Then the diary entry becomes surreal. Reno describes a long bike ride on a recent weekend, during which a Dunkin Donuts worker refuses to serve him because he isn’t wearing a mask. He ends up on Staten Island, and needs to take the ferry back—which also requires a mask. “Providentially,” he writes, “I found a mask in a gutter just before reaching the Staten Island Ferry, allowing me to board and steam back to Manhattan.”
What comes next comes as no surprise: Reno takes an antibody test, and the results show he had contracted the virus. Like the ending of certain novels, it transforms all that came before it. Was he wearing a mask in the hospital, or at his “underground” church? He doesn’t say. Reno doesn’t seem troubled that, even if he never had significant symptoms, he could have been spreading the virus to others. He doesn’t realize that wearing a mask is not a commentary on his own courage or virility, but a simple way to show concern and care for others who might be especially vulnerable to the ravages of Covid-19.

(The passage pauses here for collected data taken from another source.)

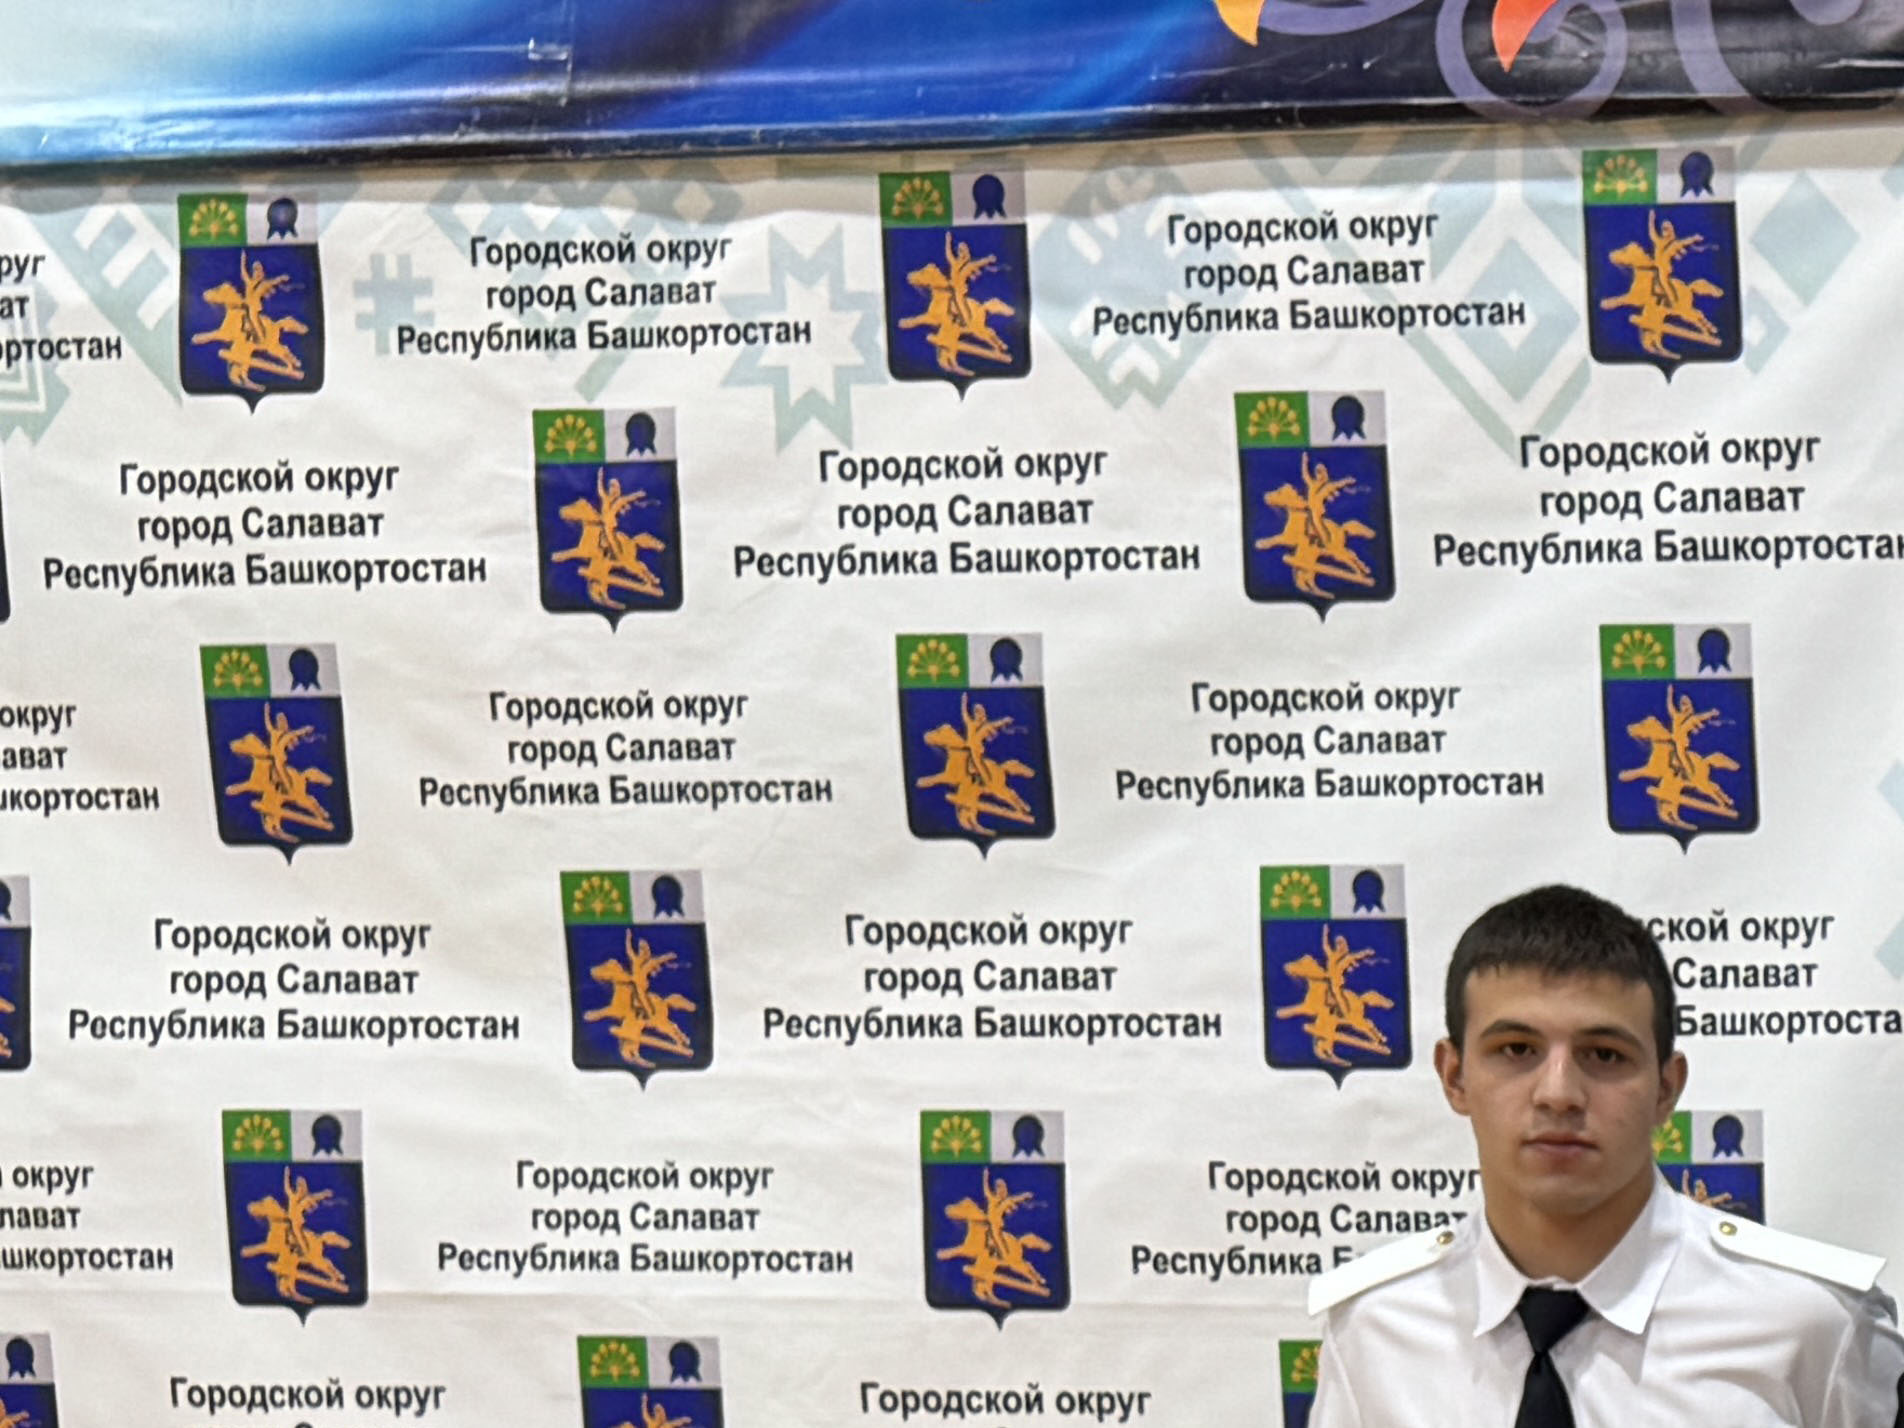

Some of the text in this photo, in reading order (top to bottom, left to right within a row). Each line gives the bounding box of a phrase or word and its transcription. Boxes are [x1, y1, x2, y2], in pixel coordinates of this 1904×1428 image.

[470, 231, 732, 273] Городской округ
[1167, 210, 1439, 253] Городской округ
[1184, 254, 1426, 296] город Салават
[486, 276, 717, 316] город Салават
[397, 319, 812, 361] Республика Башкортостан
[1093, 298, 1526, 342] Республика Башкортостан
[819, 446, 1108, 490] Городской округ
[1519, 431, 1821, 477] Городской округ
[120, 459, 400, 503] Городской округ
[837, 493, 1094, 537] город Салават
[1540, 480, 1806, 525] город Салават
[137, 506, 385, 549] город Салават
[734, 541, 1200, 585] Республика Башкортостан
[1433, 531, 1643, 575] Республика
[43, 552, 487, 597] Республика Башкортостан
[0, 704, 77, 736] округ
[489, 689, 749, 729] Городской округ
[1191, 681, 1461, 721] Городской округ
[508, 731, 737, 771] город Салават
[1210, 724, 1447, 764] город Салават
[419, 774, 833, 814] Республика Башкортостан
[1115, 767, 1544, 807] Республика Башкортостан
[154, 917, 432, 958] Городской округ
[845, 912, 1133, 954] Городской округ
[1740, 915, 1835, 950] округ
[170, 962, 420, 1003] город Салават
[864, 958, 1118, 1000] город Салават
[1672, 956, 1819, 990] Салават
[69, 1008, 520, 1048] Республика Башкортостан
[763, 1005, 1222, 1047] Республика Башкортостан
[12, 1165, 94, 1196] округ
[516, 1159, 774, 1197] Городской округ
[1208, 1160, 1481, 1199] Городской округ
[531, 1201, 761, 1238] город Салават
[1226, 1210, 1322, 1241] город
[438, 1242, 853, 1280] Республика Башкортостан
[1131, 1244, 1323, 1283] Республика
[170, 1376, 446, 1418] Городской округ
[860, 1381, 1152, 1424] Городской округ

There’s little point in looking for sense or reason in Reno’s ramblings. The language of courage and cowardice can’t really be debated—it is pure emotion. The point is not to grapple with the reality of a complex, overwhelming situation that changes every day, about which there can be genuine debates, but to reinscribe it in affective terms. What becomes decisive is not the cogency or persuasiveness of a policy response to a public-health crisis, but whether or not you’re cowering in fear or bravely resisting the conformity imposed by dreaded, elite experts. Wearing a mask, or not, floats up to the realm of the purely symbolic. It is a way of brushing aside difficult questions for dramatic rhetoric about civilizational decline.
If Reno and others make this sort of argument in a religious key, others on the right render it in supposedly class terms. Patrick Deneen took to Twitter last month to say that the divide over the shutdown did not simply reflect your position on Trump, but might reveal “more fundamental differences between elites and masses,” sharing Christopher Lasch’s observation in Revolt of the Elites that “young professionals” are health-obsessed exercisers and dieters attempting to attain eternal beauty and live forever, while “ordinary people” just “accept the body’s decay.”
More recently, The Wall Street Journal’s Peggy Noonan, citing no evidence, regretted the “class divide between those who are hard-line on lockdowns and those who are pushing back.” The former consist of the professionals who make up the “overclass,” with the latter are “normal people” who are fatalistic about life, and therefore itching to open up the economy—a “generalization” she offers “based on a lifetime of experience and observation.”
Once again, all this only serves to twist debates over when and how to reopen the economy into a battle between supposed elites and ordinary folks who have not only been ignored and left behind, but also ridiculed. This just hasn’t been the case so far, and Reno, Deneen, and Noonan are making it up as they go along. The latest polling continues to find, as described in a recent Washington Post article, “that there just aren’t meaningful divisions along class or education lines on these questions.” There certainly isn’t a rugged, death-defying, God-fearing working class straining against the complacency of prissy white-collar overlords. Imagining that’s the case, however, is less challenging than talking about what actually will help workers: hazard pay, paycheck protections, paid medical leave, proper safety equipment, and robust testing. It’s grievance-mongering all the way down.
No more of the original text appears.